Saturday, November 20, 2004

One of the things that has always irritated me most about small-town newspapers and television stations is their awkward attempts to turn national news stories into local ones. Obviously, there are times when it is absolutely critical for this to be done.
For instance, it would make no sense to cover the war in Iraq on just a national/international basis without reporting the local story: soldiers who have been shipped to Iraq, the families they have left behind, people's feelings about the board.
It would also make no sense to cover a national presidential election without telling what the vote was in this area. The coverage of the flu vaccine story also fits into this category.
But so many times, it has been such illuminating stories as "How will the drop in the prime interest rate affect you," or "how easy is it to get Viagra in this area."

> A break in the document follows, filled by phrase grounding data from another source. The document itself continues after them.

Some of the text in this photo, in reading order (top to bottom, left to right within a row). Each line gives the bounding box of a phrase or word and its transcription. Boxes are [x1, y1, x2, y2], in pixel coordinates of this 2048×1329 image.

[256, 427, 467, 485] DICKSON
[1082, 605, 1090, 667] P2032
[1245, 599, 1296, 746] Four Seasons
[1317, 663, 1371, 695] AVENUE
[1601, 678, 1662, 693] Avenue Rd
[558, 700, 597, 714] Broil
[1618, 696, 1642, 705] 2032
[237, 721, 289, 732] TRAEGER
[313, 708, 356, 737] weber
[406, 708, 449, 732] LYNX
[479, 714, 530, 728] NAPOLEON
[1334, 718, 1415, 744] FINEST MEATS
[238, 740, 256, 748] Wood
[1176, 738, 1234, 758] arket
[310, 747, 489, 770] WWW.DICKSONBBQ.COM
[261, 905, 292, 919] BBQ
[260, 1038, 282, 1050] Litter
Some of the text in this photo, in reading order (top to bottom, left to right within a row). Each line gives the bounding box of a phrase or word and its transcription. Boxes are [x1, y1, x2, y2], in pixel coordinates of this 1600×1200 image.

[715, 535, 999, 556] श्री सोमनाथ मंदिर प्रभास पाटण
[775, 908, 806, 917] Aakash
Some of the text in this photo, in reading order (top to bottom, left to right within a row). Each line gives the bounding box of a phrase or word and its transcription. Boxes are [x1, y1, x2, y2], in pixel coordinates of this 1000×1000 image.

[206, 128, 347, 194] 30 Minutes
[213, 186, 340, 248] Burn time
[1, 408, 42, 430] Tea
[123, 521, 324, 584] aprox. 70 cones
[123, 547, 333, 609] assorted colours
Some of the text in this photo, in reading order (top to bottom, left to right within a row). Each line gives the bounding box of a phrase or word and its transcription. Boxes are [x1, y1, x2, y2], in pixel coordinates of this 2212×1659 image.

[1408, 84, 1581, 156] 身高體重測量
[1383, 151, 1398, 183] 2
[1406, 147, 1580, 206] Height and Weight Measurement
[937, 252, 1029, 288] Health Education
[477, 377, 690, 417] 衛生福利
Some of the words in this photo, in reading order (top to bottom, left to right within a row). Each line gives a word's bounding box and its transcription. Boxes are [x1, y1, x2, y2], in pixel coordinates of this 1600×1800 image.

That is why it was so surprising this week when The Joplin Globe and other area media outlets dropped the ball on the Sears/K-Mart merger. The Globe ran its story on an inside business page with just a smattering of localized material dropped into the wire story. The reporters covered their bases diligently, attempting to talk to representatives from Northpark Mall in Joplin and Meadowbrook Mall in Pittsburg about the merger. No one said much.
It is quite possible that these stores will remain unaffected by the merger, though I doubt it.
The Globe article made no mention of widely circulated reports that indicate Sears will begin divesting itself of most of its mall locations in favor of stand-alone stores, many of them currently occupied by K-Mart.
Of course, K-Mart no longer has a presence in the Joplin area, which surprisingly was not even mentioned in the report. This was one time readers needed to see a localized story, probably on page one. Will this have an affect on the area. What has been the history of both companies in the Joplin area. What have the trends been in shopping in this area during recent years. Let's get the representatives of the area business groups on the record. How about a talk with local financial experts. What will this mean for the Sears store on the mall? What will this mean for Sears and K-Mart stock? Could a standalone Sears store eventually be another option for the former K-Mart property at 17th and Range Line? How about a look back at what happened to Northpark Mall following the departure of previous anchor stores at the mall, including Montgomery Ward? This was a big story for national and for area business.
And none of those questions even touched on the effect that Wal-Mart has had on this area. The Globe provides itself on having a Wal-Mart watch column in its regularly published business supplement. This may have been the time for a special edition of that supplement, drawing on local and national sources to put this development into context. That is the big advantage newspapers have. They have the space to give their readers a thorough understanding of what is happening in their community and in the world. Hopefully, in the near future they will do more to explain how this merger will affect the Joplin area.
At least one prominent expert, Howard Davidowitz, chairman of Davidowitz and Associates, a national retail consulting and investment banking firm sees the Sears/K-Mart merger as the death knell for the Sears stores in Joplin and Pittsburg, Kan., as well as Sears mall outlets across the nation.
Davidowitz said he expects the newly-formed company to sell all of its mall-based stores within six years.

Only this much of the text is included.